Saved data entries
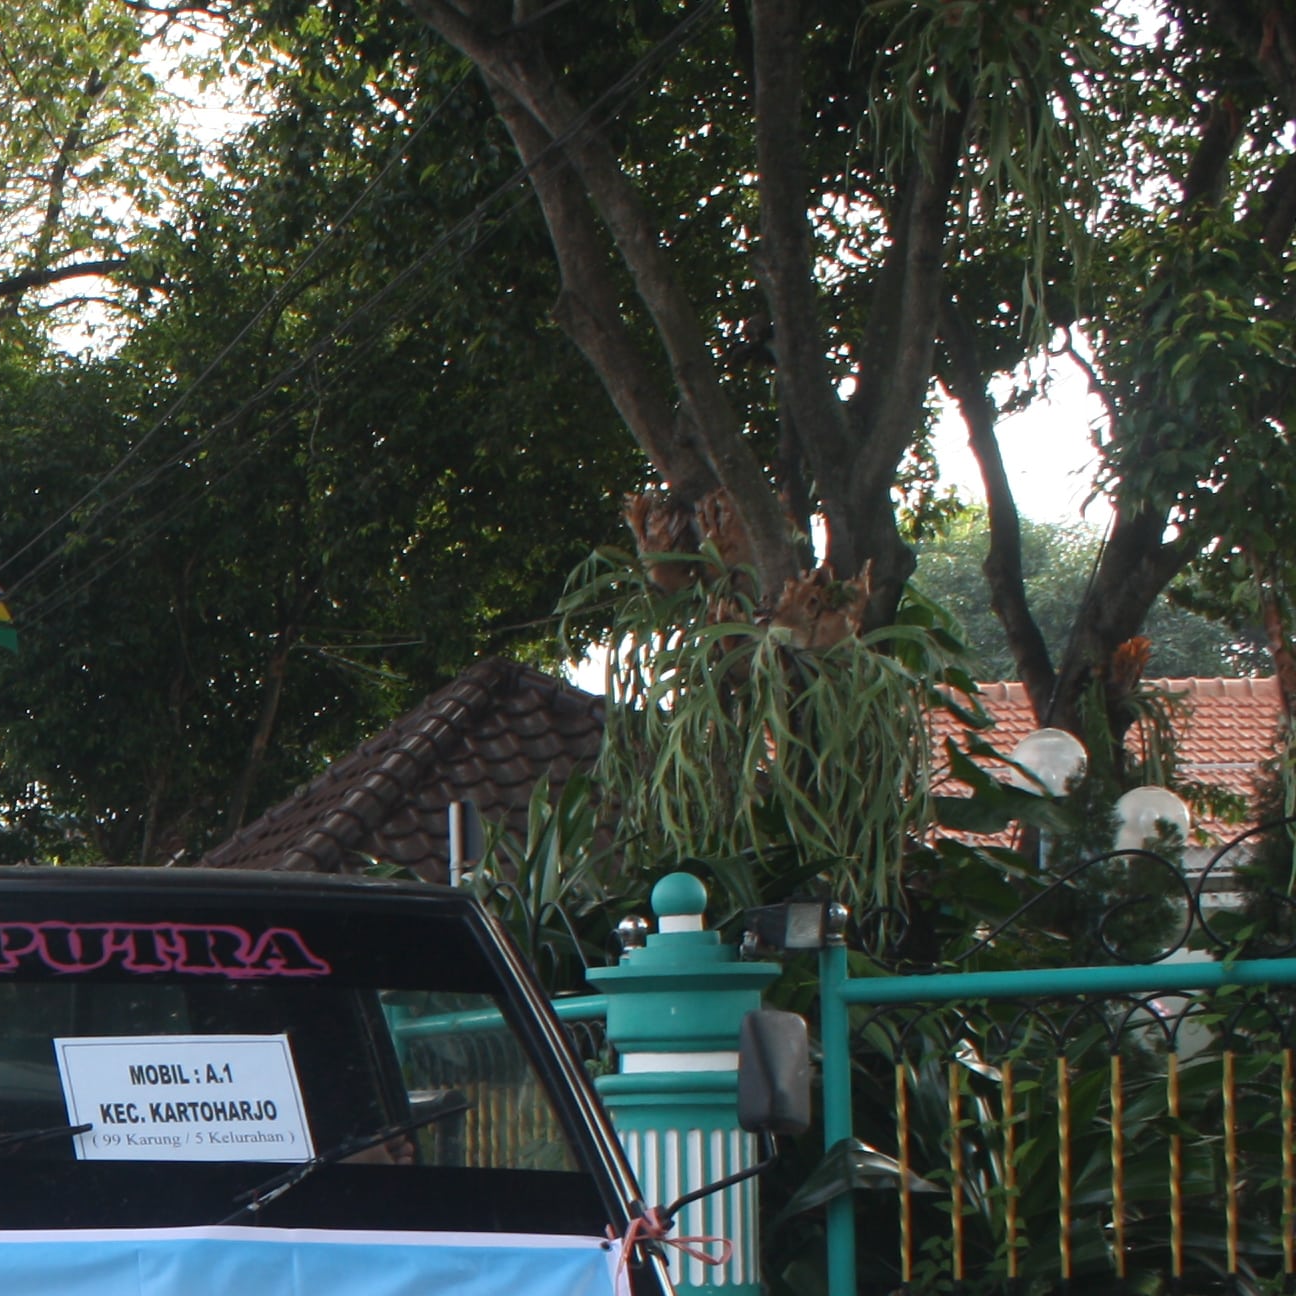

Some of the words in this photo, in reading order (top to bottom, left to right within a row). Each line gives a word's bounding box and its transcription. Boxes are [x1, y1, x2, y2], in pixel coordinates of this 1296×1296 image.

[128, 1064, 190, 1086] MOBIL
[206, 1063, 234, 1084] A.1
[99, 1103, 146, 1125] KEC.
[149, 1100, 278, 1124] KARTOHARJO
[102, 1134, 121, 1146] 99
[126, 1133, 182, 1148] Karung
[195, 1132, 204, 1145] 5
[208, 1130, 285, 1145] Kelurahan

__Activity__
Retype all entries exactly as they appear, dropping the images.

__Answer area__
Some of the words in this photo, in reading order (top to bottom, left to right within a row). Each line gives a word's bounding box and its transcription. Boxes are [x1, y1, x2, y2], in pixel coordinates of this 1296×1296 image.

[128, 1064, 190, 1086] MOBIL
[206, 1063, 234, 1084] A.1
[99, 1103, 146, 1125] KEC.
[149, 1100, 278, 1124] KARTOHARJO
[102, 1134, 121, 1146] 99
[126, 1133, 182, 1148] Karung
[195, 1132, 204, 1145] 5
[208, 1130, 285, 1145] Kelurahan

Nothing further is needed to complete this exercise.